**Task**
What is needed is an exact transcription of every entry below, with the pictures left out.

*** Opening of Data for processing ***

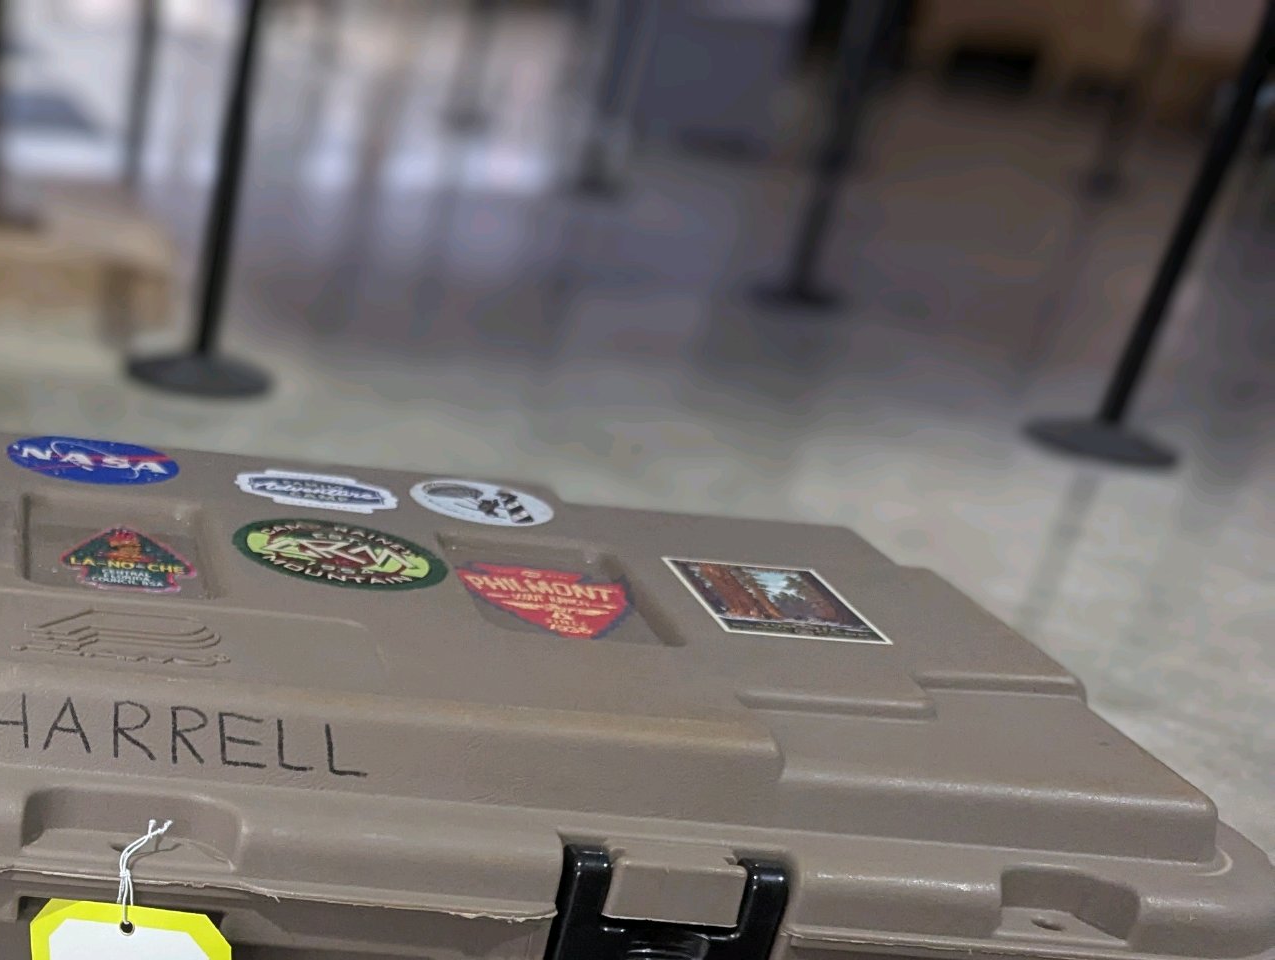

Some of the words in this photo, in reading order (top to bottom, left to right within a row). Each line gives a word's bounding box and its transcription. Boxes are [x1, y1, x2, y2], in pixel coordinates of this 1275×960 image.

[21, 447, 169, 474] NASA
[69, 557, 184, 575] LA-NO-CHE
[262, 555, 413, 585] MOUNTAIN
[465, 574, 615, 602] PHILMONT
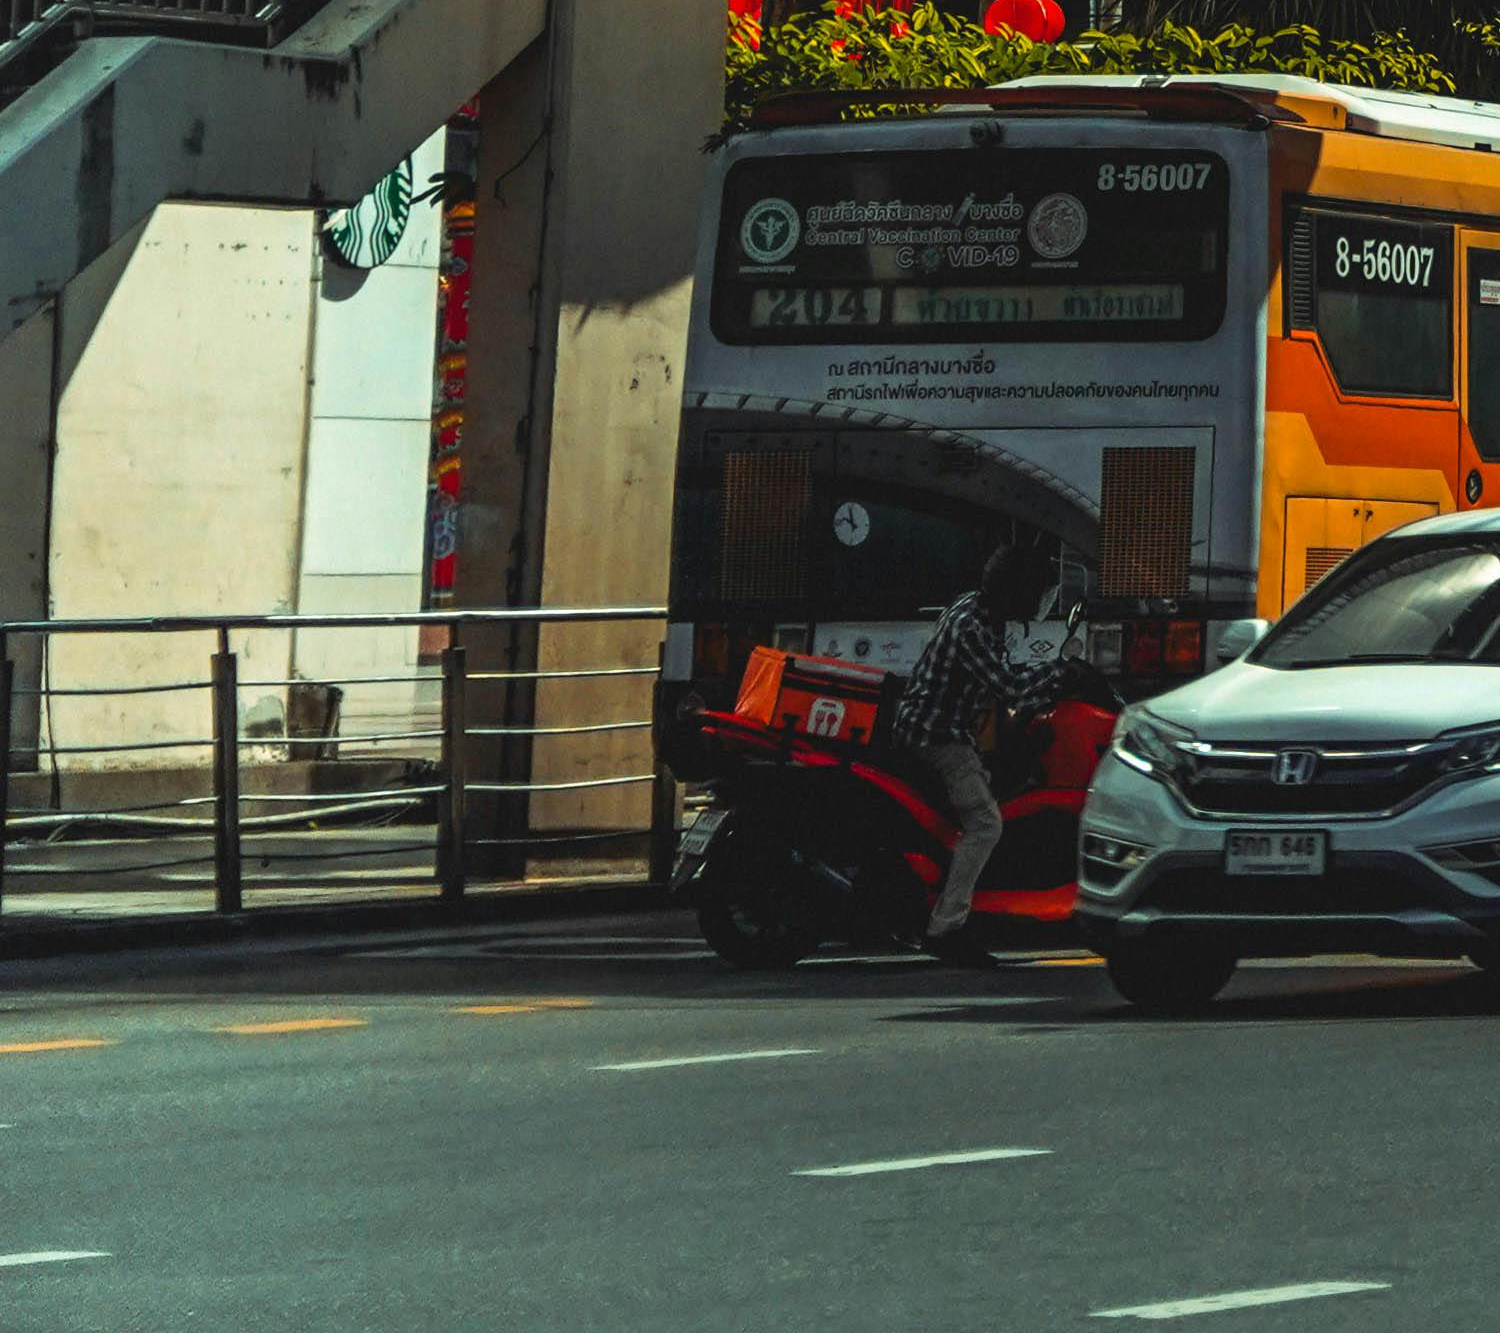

*** Close of Data for processing ***

**Written response**
Some of the words in this photo, in reading order (top to bottom, left to right within a row). Each line gives a word's bounding box and its transcription. Boxes are [x1, y1, x2, y2], in pixel coordinates of this 1275×960 image.

[21, 447, 169, 474] NASA
[69, 557, 184, 575] LA-NO-CHE
[262, 555, 413, 585] MOUNTAIN
[465, 574, 615, 602] PHILMONT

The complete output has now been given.